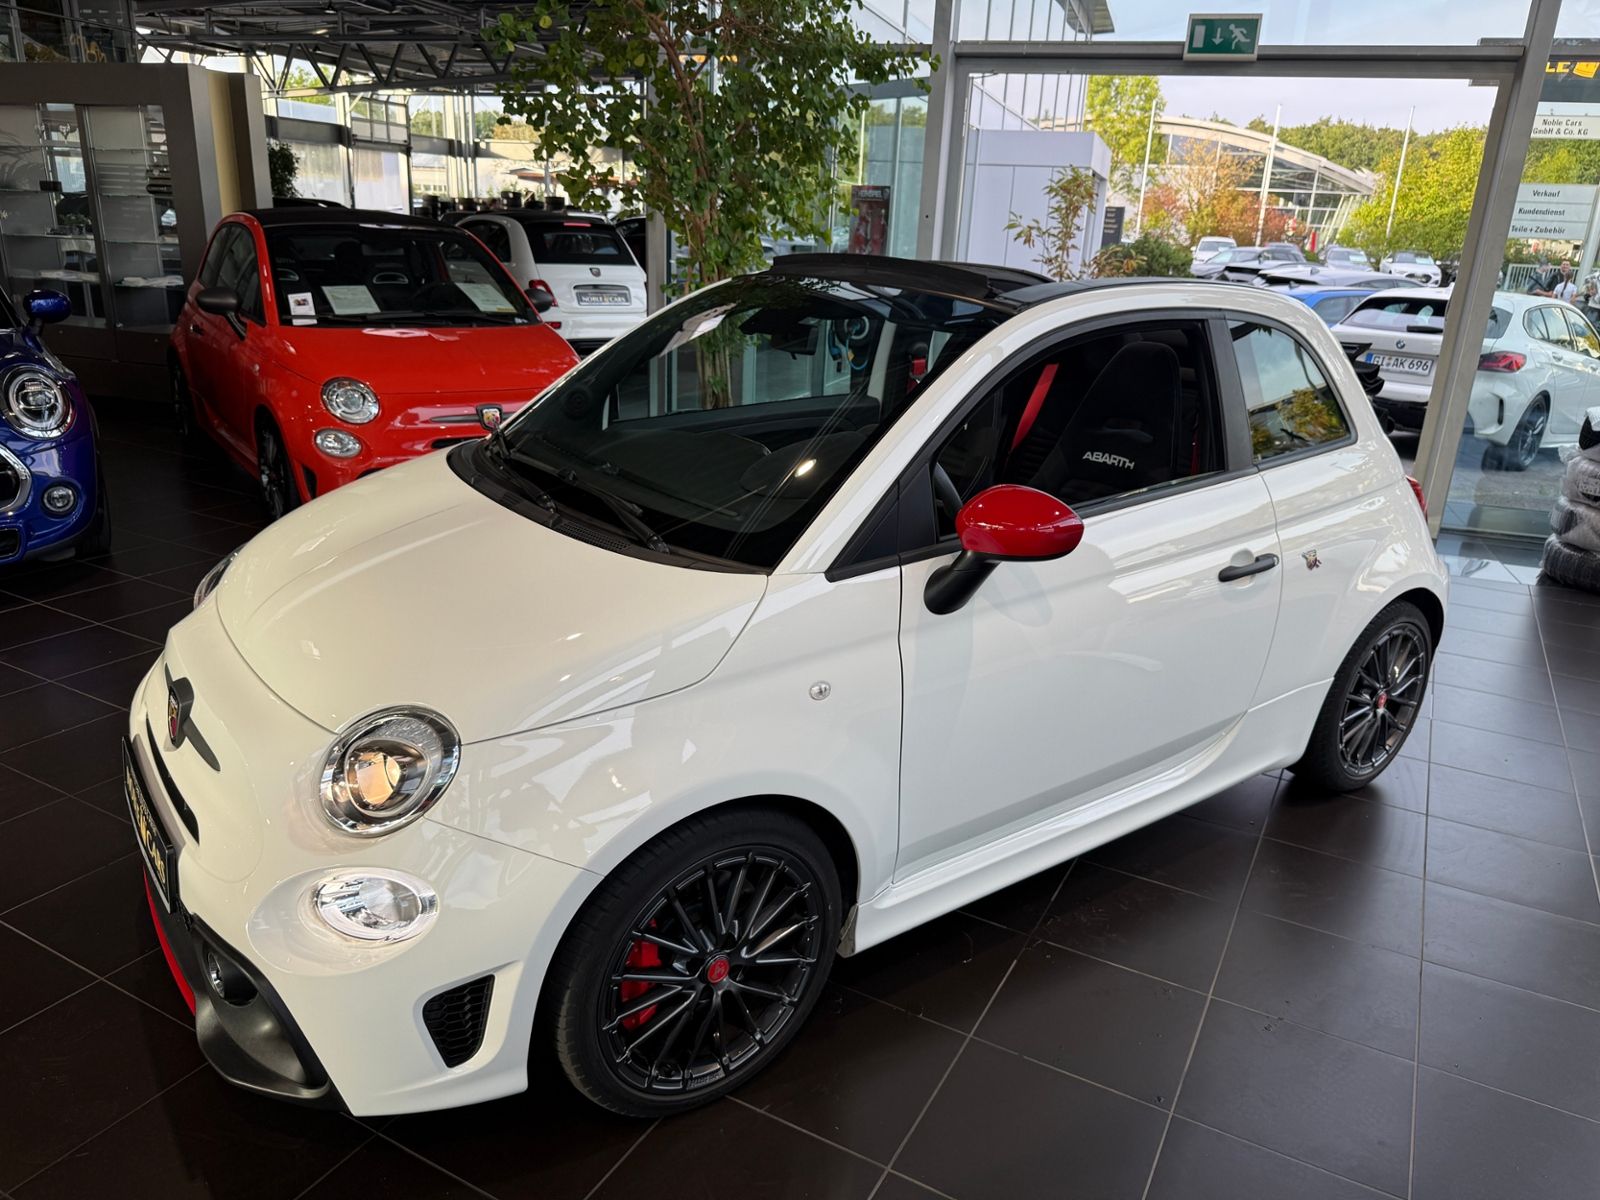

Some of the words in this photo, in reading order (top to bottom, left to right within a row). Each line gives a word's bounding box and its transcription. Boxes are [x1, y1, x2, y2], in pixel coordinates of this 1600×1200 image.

[1542, 118, 1563, 126] Noble
[1565, 119, 1583, 127] Cars
[1532, 127, 1554, 135] GmbH
[1555, 127, 1561, 135] &
[1563, 128, 1575, 136] Co.
[1577, 128, 1589, 136] KG
[1532, 189, 1561, 198] Verkauf
[1518, 207, 1566, 217] Kundendienst
[1511, 224, 1528, 233] Teile
[1534, 225, 1566, 235] Zubehör
[1391, 358, 1407, 368] AK
[1407, 360, 1429, 371] 696
[1082, 451, 1135, 470] ABARTH
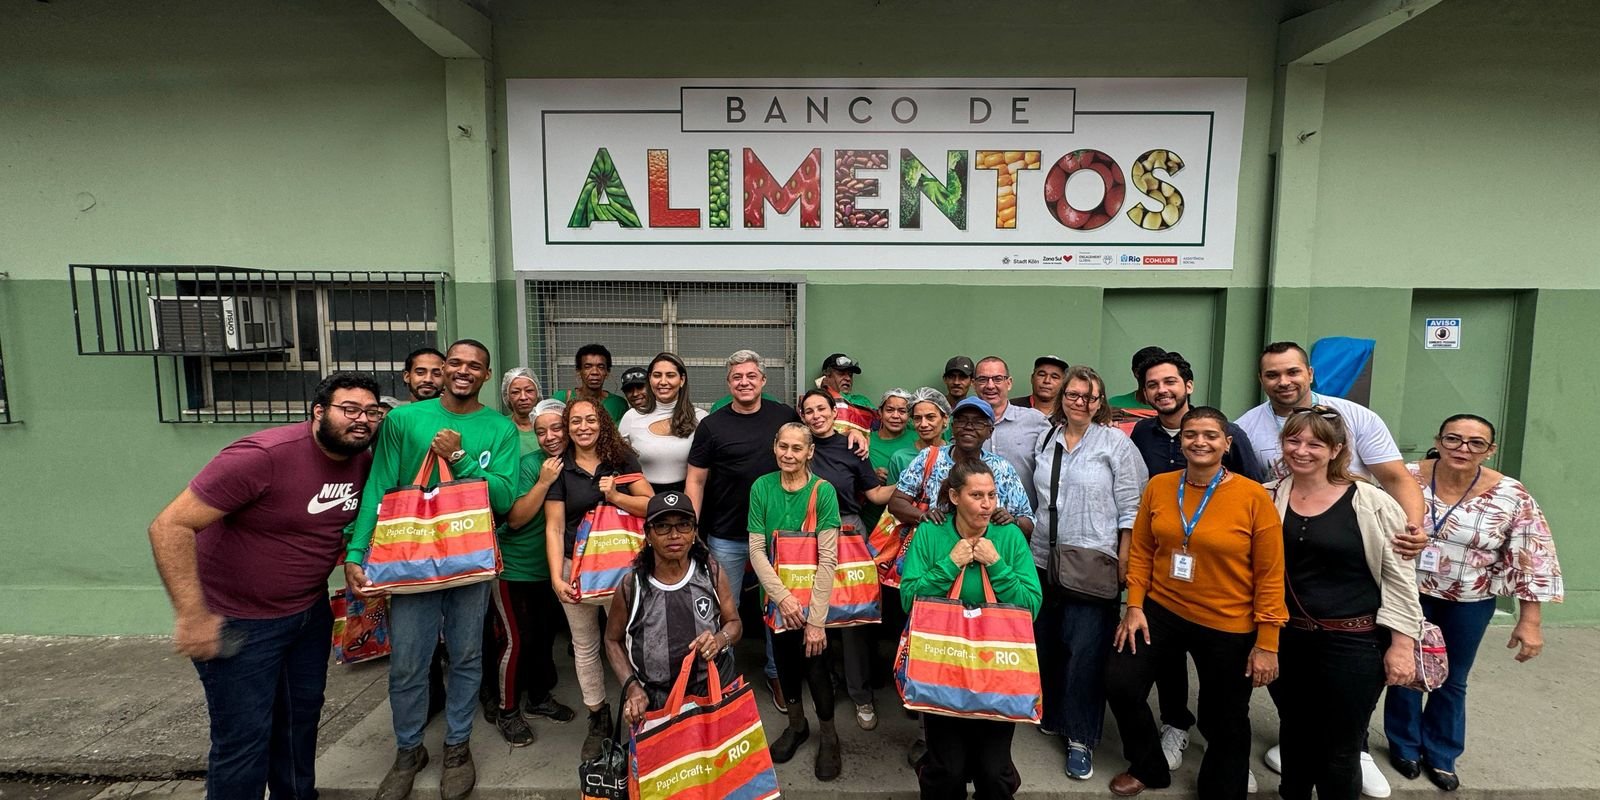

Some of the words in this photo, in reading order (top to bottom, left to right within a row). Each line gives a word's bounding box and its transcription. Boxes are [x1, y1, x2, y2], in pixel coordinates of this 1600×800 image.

[726, 96, 918, 124] BANCO
[970, 97, 1029, 124] DE
[567, 147, 1185, 231] ALIMENTOS
[226, 310, 235, 335] Consul
[319, 483, 354, 498] NIKE
[342, 498, 358, 511] SB
[386, 527, 405, 537] Papel
[406, 526, 428, 536] Craft
[450, 518, 474, 532] RIO
[593, 540, 612, 548] Papel
[792, 574, 810, 583] Papel
[848, 570, 865, 581] RIO
[924, 644, 946, 655] Papel
[947, 647, 968, 659] Craft
[995, 651, 1020, 666] RIO
[656, 772, 679, 791] Papel
[680, 765, 704, 780] Craft
[728, 740, 750, 763] RIO
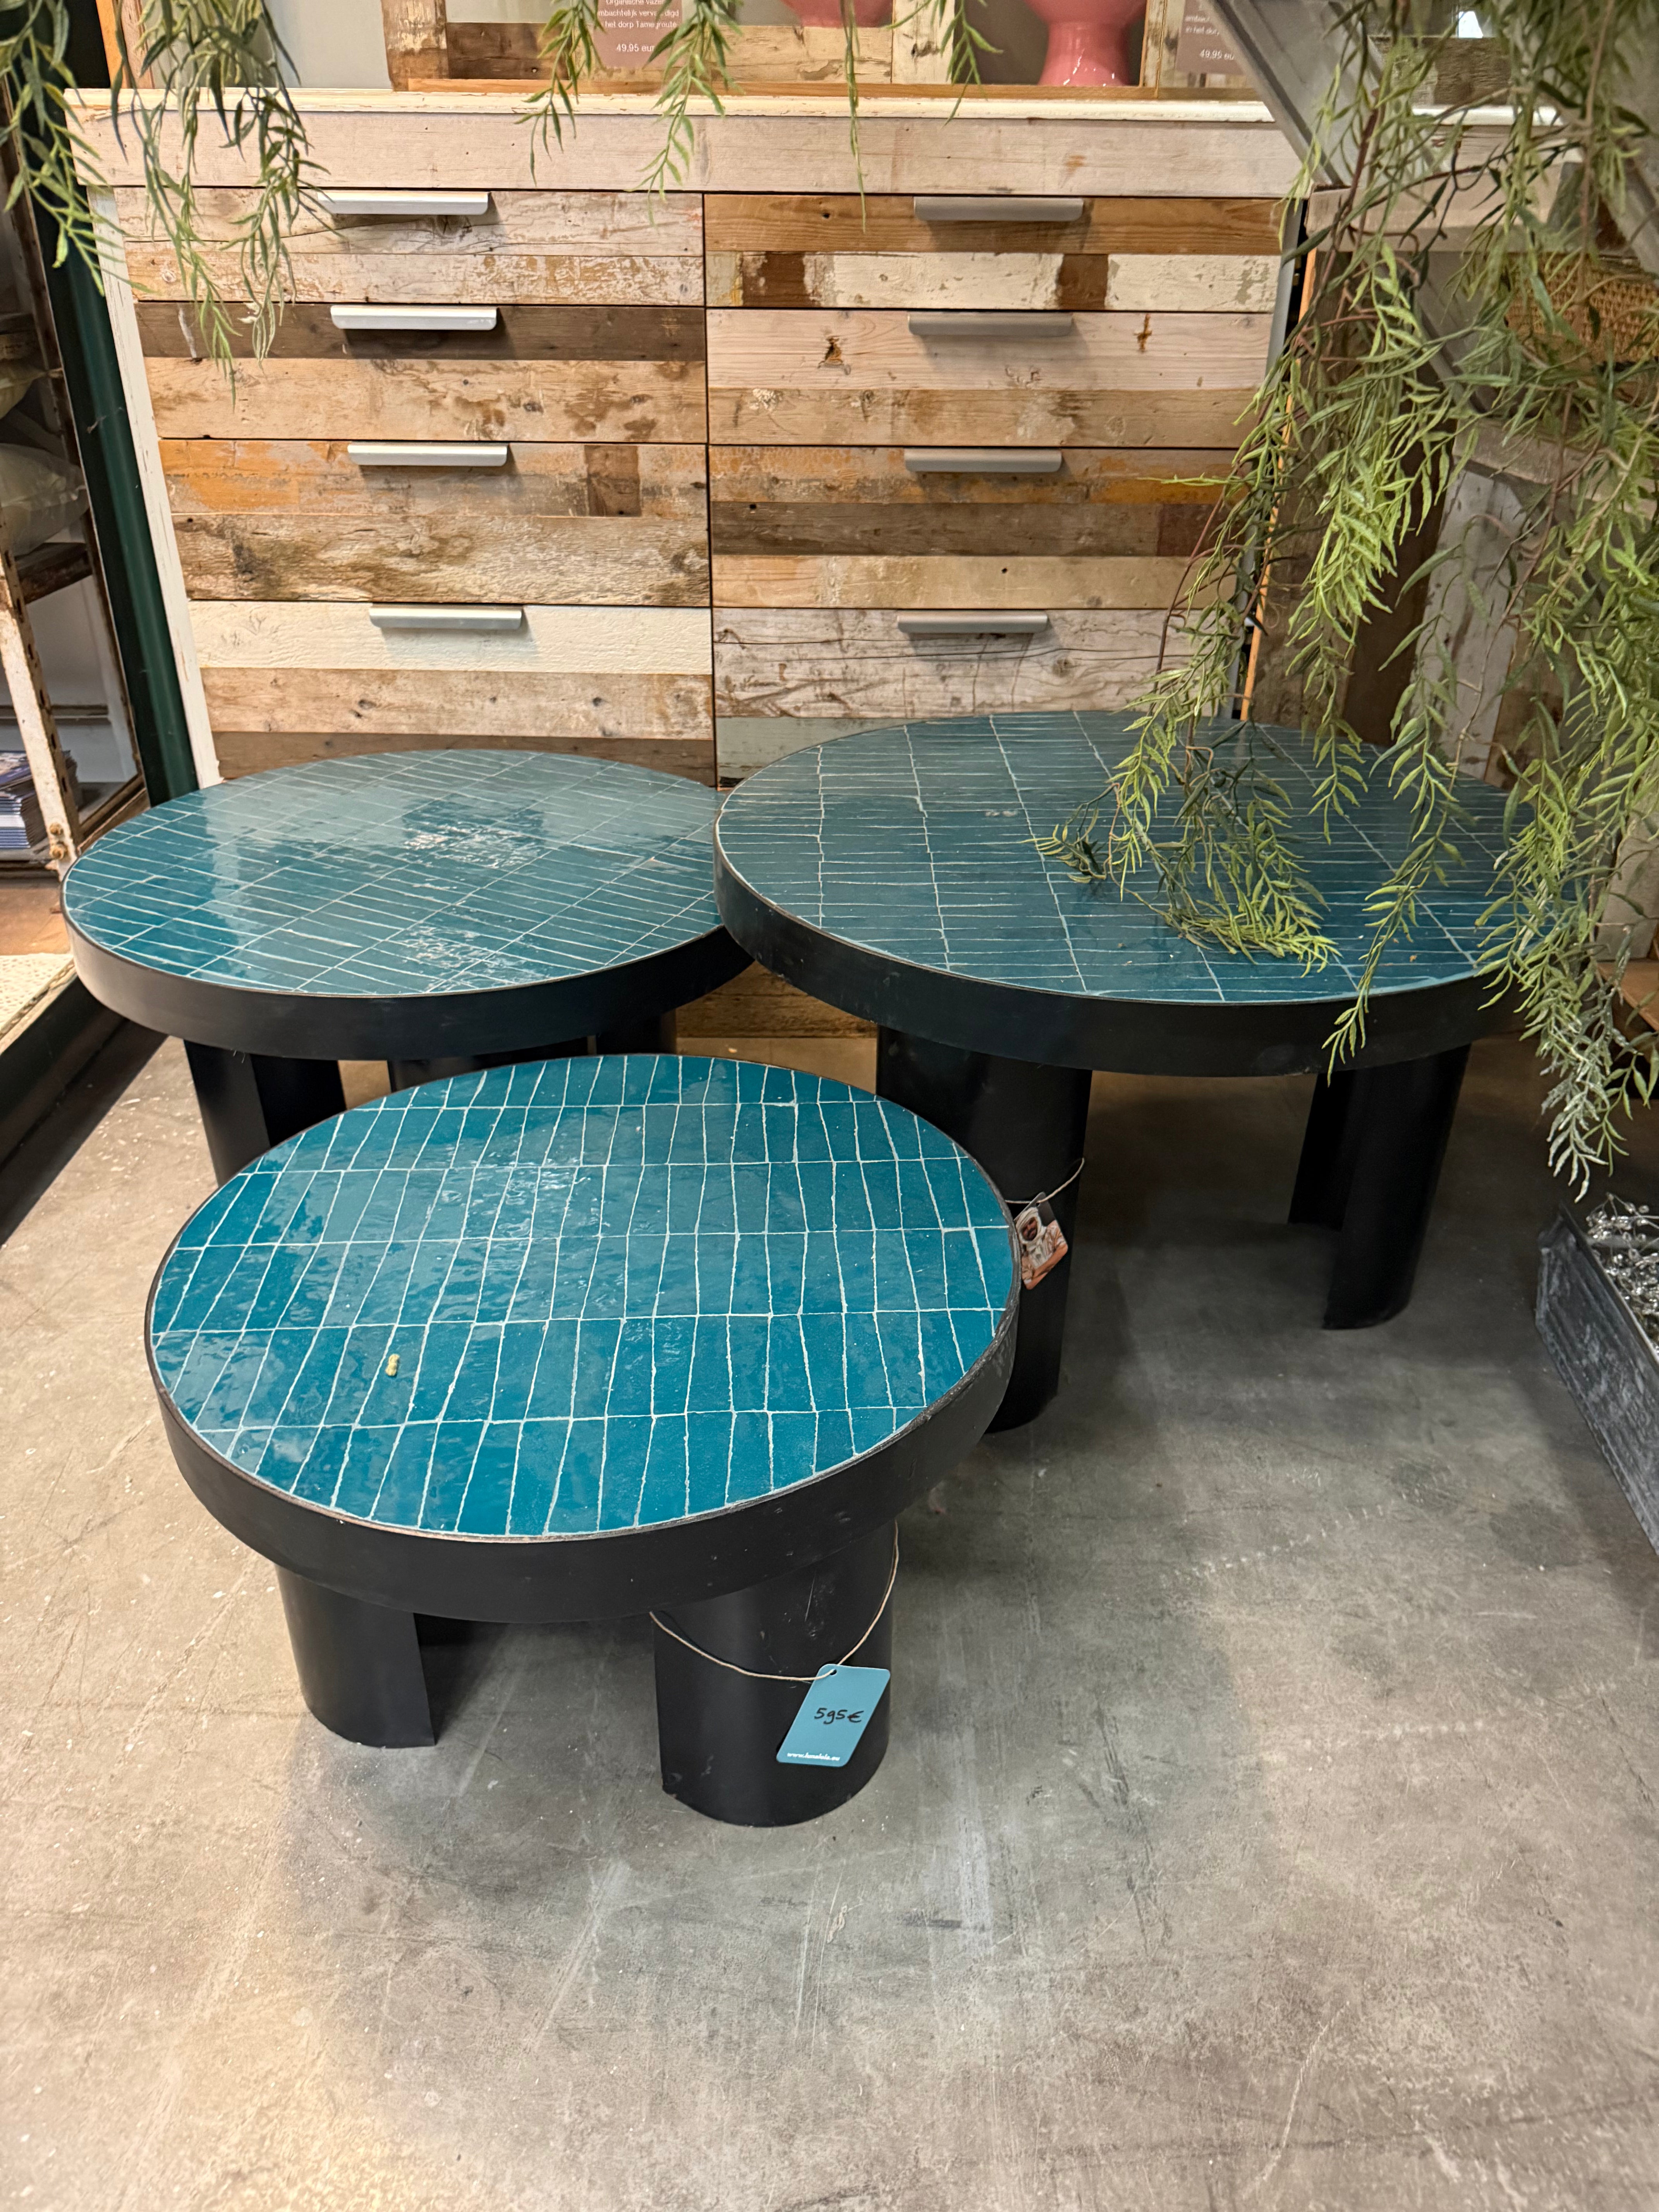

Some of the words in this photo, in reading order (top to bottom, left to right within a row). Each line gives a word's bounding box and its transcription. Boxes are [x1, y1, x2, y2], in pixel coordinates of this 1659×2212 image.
▬▬▬
Work instruction
What's needed is a word-for-word retyping of the listing, minus its pictures.

Written response
Some of the words in this photo, in reading order (top to bottom, left to right within a row). Each line gives a word's bounding box and its transcription. Boxes are [x1, y1, x2, y2], in pixel coordinates of this 1600×1200 image.

[1542, 118, 1563, 126] Noble
[1565, 119, 1583, 127] Cars
[1532, 127, 1554, 135] GmbH
[1555, 127, 1561, 135] &
[1563, 128, 1575, 136] Co.
[1577, 128, 1589, 136] KG
[1532, 189, 1561, 198] Verkauf
[1518, 207, 1566, 217] Kundendienst
[1511, 224, 1528, 233] Teile
[1534, 225, 1566, 235] Zubehör
[1391, 358, 1407, 368] AK
[1407, 360, 1429, 371] 696
[1082, 451, 1135, 470] ABARTH

Some of the words in this photo, in reading order (top to bottom, left to right within a row). Each line gives a word's bounding box and its transcription. Boxes are [x1, y1, x2, y2], in pixel coordinates of this 1600×800 image.

[726, 96, 918, 124] BANCO
[970, 97, 1029, 124] DE
[567, 147, 1185, 231] ALIMENTOS
[226, 310, 235, 335] Consul
[319, 483, 354, 498] NIKE
[342, 498, 358, 511] SB
[386, 527, 405, 537] Papel
[406, 526, 428, 536] Craft
[450, 518, 474, 532] RIO
[593, 540, 612, 548] Papel
[792, 574, 810, 583] Papel
[848, 570, 865, 581] RIO
[924, 644, 946, 655] Papel
[947, 647, 968, 659] Craft
[995, 651, 1020, 666] RIO
[656, 772, 679, 791] Papel
[680, 765, 704, 780] Craft
[728, 740, 750, 763] RIO

Some of the words in this photo, in reading order (top to bottom, left to right within a row). Each line gives a word's bounding box and its transcription. Boxes are [x1, y1, x2, y2], in pixel coordinates of this 1659×2212 image.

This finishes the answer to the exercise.